“Imagine that you could travel back to any period in history. What moment or event would you want to observe? What people would you want to meet? What would you ask them?”

Many of us have asked and been asked these hypothetical questions. They are designed to inspire curiosity, drive thinking, and spark the imagination. They represent, to some extent, a considerable component of what historians try to do—to use the tools at hand, books, documents, records, artifacts, testimonies, and more to explore the past, and for some perhaps to create a virtual time machine through which they can re-create that past. Teachers of history take their students on the journey of discovering, recovering, and understanding that past, teaching them the tools and skills necessary to navigate through the gaps of time, space, and culture.
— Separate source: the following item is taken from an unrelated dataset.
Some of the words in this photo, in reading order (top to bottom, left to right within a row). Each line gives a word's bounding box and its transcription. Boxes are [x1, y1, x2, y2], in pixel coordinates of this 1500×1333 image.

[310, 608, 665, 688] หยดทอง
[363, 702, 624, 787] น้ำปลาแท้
But what if those hypothetical questions were phrased differently? For example: “Imagine that you could travel back to any period in history. What event would you want to experience? How do you think that event would have impacted on you? What aspect of that experience would you passionately tell your children?” These are not questions for historians, rather, they are questions for educators—whether by profession, by personal commitment, or by parentage—passing on a value system, even an identity, deeply embedded in the past. As Lord Rabbi Jonathan Sacks writes: “Memory is the past as present, as it lives on in me. Without memory there can be no identity.” The “memory creator” wants to understand how the events of the past impact the present and the future. Like teaching history, this discipline also requires tools and skills, but they are different from the tools of the historian.

These questions take on an entirely different urgency when we think about them in relation to Jewish History. As a mission-driven people which for more than 2,000 years has been a minority, often struggling to survive and maintain its identity, we run great risk if what we learn and teach remains a purely intellectual pursuit, a curiosity. We take an equally great risk if our exploration of history becomes so mission driven that it stifles student curiosity and the capacity for students to connect through multiple, alternative, and parallel pathways.
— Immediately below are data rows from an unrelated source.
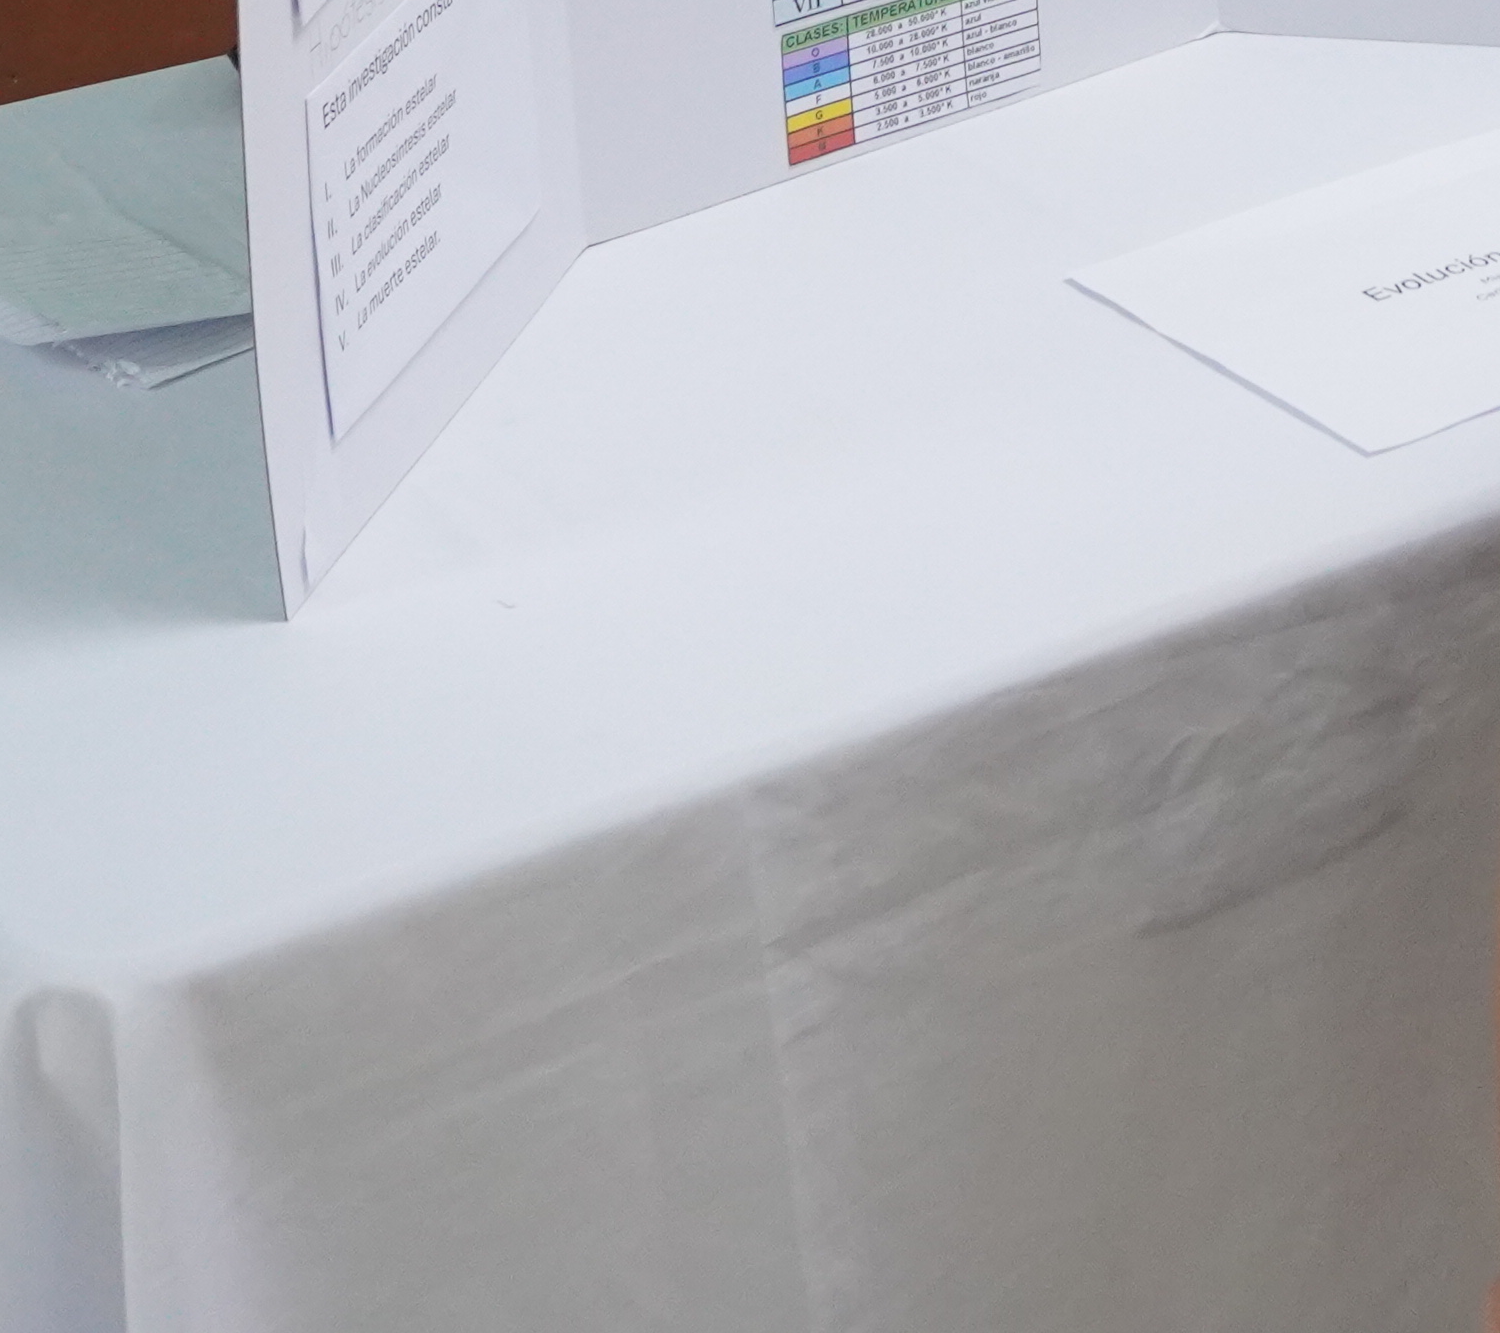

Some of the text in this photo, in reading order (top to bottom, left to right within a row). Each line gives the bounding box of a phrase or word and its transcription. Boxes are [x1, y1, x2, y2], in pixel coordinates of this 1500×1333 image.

[322, 90, 347, 130] Esta
[349, 21, 415, 102] investigación
[785, 21, 844, 48] CLASES:
[967, 42, 994, 56] blanco
[344, 158, 356, 181] La
[356, 108, 403, 166] formación
[405, 73, 437, 115] estelar
[349, 195, 360, 218] La
[361, 122, 426, 203] Nucleosintesis
[427, 89, 456, 130] estelar
[351, 233, 362, 256] La
[364, 167, 418, 240] clasificación
[419, 134, 450, 176] estelar
[355, 269, 366, 293] La
[367, 218, 410, 278] evolución
[410, 184, 442, 227] estelar
[358, 307, 368, 330] La
[369, 267, 404, 315] muerte
[405, 231, 441, 275] estelar.
Navigating the tension between teaching history and creating memory, between academic study and the building of identity, drives many of our programs—such as the Creating Memory workshops and the Jewish History bootcamps—as we understand that Jewish History needs to include a delicate balance of both. Finding this balance is one of the key tasks of Jewish History teachers and their schools and is one of the core questions we seek to address in this issue of the journal. Read carefully and you will discover that many of the articles either allude to this implicitly or discuss it explicitly.

There are other questions which drive the thinking about teaching Jewish History. For example, should it be taught as its own distinct discipline, should it be taught in the context of general History, or should it perhaps be completely integrated into a study of general History. What do we gain when we integrate Jewish History and general History, and what do we lose by doing that?
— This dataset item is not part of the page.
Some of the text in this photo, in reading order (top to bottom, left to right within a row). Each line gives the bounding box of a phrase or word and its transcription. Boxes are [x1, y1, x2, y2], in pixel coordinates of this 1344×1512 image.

These questions have considerable implications. For example, how much of the educational program should be devoted to Jewish History. If Jewish History is about creating memory or forging identity, should that warrant a greater concentration of time than it is currently allotted in most schools? How about the question of academic honesty; how should we handle information which conflicts with the memory narrative we are trying to tell, assuming that is one of our goals?

In a sense, the debate about Jewish History is a microcosm of the greater discussion about Jewish education. Is the goal to have Jewish adults with the knowledge and skills to engage with Jewish texts and be part of a 3,000 year-long dialogue, or is the goal to have Jewish adults who are passionate about being Jewish and committed to living Jewish lives? It is this tension which animates us at Lookstein, and which we hope drive discussions in and around Jewish education.

The articles in this journal represent a diverse range of opinions and include the thoughts of academics, theologians, thought leaders, educational entrepreneurs, and many classroom practitioners. They include deep thinking about the big issues and practical suggestions and examples currently used in a variety of educational settings. It is our hope that this journal generates core discussions for classroom teachers and educational leaders about the why, the how, and the how much of teaching Jewish History—a discussion which could have repercussions for how we see the entire enterprise of Jewish schooling. Our students, and our schools, will be better off for it.